Once the line containing "this 1600×1200 image." is found, retype it and each line after it through the last entry below, word for word, and nothing else.
++++++
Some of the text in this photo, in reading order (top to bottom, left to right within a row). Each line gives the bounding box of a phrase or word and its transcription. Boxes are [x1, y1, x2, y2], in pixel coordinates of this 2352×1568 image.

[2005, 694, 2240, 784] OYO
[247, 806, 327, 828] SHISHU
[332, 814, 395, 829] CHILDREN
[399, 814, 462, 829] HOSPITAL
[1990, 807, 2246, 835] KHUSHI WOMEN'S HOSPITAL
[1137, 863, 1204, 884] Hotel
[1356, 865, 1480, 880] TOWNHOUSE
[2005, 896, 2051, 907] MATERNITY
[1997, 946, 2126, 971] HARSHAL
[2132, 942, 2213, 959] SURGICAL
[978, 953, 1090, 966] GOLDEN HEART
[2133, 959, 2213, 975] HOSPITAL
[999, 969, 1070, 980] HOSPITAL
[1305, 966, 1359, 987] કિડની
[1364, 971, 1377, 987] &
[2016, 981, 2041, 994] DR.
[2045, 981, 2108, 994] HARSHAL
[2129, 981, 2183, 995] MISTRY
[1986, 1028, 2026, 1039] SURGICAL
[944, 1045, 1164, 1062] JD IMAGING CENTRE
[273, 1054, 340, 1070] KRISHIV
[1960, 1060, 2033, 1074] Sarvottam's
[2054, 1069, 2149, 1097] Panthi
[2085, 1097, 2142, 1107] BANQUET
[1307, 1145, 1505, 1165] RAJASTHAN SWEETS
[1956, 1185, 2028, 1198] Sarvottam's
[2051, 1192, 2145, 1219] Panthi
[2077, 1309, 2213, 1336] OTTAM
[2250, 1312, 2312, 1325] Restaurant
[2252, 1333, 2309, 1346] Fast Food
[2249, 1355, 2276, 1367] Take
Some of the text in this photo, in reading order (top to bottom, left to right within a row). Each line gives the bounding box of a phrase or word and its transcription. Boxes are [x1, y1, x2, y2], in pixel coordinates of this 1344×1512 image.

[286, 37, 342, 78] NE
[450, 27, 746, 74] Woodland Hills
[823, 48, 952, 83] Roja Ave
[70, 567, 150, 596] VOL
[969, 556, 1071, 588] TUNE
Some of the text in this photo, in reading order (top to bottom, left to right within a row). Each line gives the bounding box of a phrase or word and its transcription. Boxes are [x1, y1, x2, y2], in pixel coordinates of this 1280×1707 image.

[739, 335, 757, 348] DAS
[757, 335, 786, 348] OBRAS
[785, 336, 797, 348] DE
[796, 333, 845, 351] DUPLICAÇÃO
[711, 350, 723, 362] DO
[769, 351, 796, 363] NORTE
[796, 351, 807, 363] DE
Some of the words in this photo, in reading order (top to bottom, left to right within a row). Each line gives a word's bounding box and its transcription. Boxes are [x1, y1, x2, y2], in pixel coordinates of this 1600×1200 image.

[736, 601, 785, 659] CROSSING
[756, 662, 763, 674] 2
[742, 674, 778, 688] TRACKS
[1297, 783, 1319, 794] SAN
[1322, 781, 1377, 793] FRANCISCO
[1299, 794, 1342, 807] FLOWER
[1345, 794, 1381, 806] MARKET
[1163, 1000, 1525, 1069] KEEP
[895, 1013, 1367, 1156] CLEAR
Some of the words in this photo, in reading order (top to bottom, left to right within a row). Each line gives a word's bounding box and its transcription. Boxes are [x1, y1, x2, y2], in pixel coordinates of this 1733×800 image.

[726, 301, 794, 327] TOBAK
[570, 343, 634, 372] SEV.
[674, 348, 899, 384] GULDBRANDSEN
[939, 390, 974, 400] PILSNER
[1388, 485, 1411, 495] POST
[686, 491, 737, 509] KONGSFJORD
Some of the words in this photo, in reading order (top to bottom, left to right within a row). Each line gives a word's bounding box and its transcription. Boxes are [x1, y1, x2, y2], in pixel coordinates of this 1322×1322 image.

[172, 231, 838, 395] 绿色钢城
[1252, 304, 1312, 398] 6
++++++
SOLUTION TO THIS PROBLEM ::
Some of the words in this photo, in reading order (top to bottom, left to right within a row). Each line gives a word's bounding box and its transcription. Boxes are [x1, y1, x2, y2], in pixel coordinates of this 1600×1200 image.

[736, 601, 785, 659] CROSSING
[756, 662, 763, 674] 2
[742, 674, 778, 688] TRACKS
[1297, 783, 1319, 794] SAN
[1322, 781, 1377, 793] FRANCISCO
[1299, 794, 1342, 807] FLOWER
[1345, 794, 1381, 806] MARKET
[1163, 1000, 1525, 1069] KEEP
[895, 1013, 1367, 1156] CLEAR
Some of the words in this photo, in reading order (top to bottom, left to right within a row). Each line gives a word's bounding box and its transcription. Boxes are [x1, y1, x2, y2], in pixel coordinates of this 1733×800 image.

[726, 301, 794, 327] TOBAK
[570, 343, 634, 372] SEV.
[674, 348, 899, 384] GULDBRANDSEN
[939, 390, 974, 400] PILSNER
[1388, 485, 1411, 495] POST
[686, 491, 737, 509] KONGSFJORD
Some of the words in this photo, in reading order (top to bottom, left to right within a row). Each line gives a word's bounding box and its transcription. Boxes are [x1, y1, x2, y2], in pixel coordinates of this 1322×1322 image.

[172, 231, 838, 395] 绿色钢城
[1252, 304, 1312, 398] 6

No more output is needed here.